What the exercise asks: Output the line that contains "this 1264×1696 image." and every line after it to the end of the entries, with nothing added or left out.
★ ★ ★ ★
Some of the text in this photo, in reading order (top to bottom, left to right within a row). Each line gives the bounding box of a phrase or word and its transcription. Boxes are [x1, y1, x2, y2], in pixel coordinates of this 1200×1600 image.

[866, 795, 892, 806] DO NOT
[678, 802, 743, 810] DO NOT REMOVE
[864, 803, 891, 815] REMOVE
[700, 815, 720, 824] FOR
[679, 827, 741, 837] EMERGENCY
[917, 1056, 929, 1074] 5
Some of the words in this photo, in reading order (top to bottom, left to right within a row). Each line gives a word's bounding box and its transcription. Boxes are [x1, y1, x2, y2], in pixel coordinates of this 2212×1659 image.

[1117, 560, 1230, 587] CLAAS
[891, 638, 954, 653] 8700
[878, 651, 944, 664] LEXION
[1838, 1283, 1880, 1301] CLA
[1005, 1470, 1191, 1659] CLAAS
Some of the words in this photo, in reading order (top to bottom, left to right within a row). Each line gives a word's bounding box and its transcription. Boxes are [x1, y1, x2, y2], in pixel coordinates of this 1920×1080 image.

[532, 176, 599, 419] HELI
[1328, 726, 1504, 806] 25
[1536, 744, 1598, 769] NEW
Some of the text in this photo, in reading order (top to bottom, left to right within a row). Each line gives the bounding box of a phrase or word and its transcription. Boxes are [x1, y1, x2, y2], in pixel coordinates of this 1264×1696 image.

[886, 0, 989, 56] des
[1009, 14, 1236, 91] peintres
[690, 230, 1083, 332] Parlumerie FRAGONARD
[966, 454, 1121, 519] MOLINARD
★ ★ ★ ★
Your response:
Some of the text in this photo, in reading order (top to bottom, left to right within a row). Each line gives the bounding box of a phrase or word and its transcription. Boxes are [x1, y1, x2, y2], in pixel coordinates of this 1264×1696 image.

[886, 0, 989, 56] des
[1009, 14, 1236, 91] peintres
[690, 230, 1083, 332] Parlumerie FRAGONARD
[966, 454, 1121, 519] MOLINARD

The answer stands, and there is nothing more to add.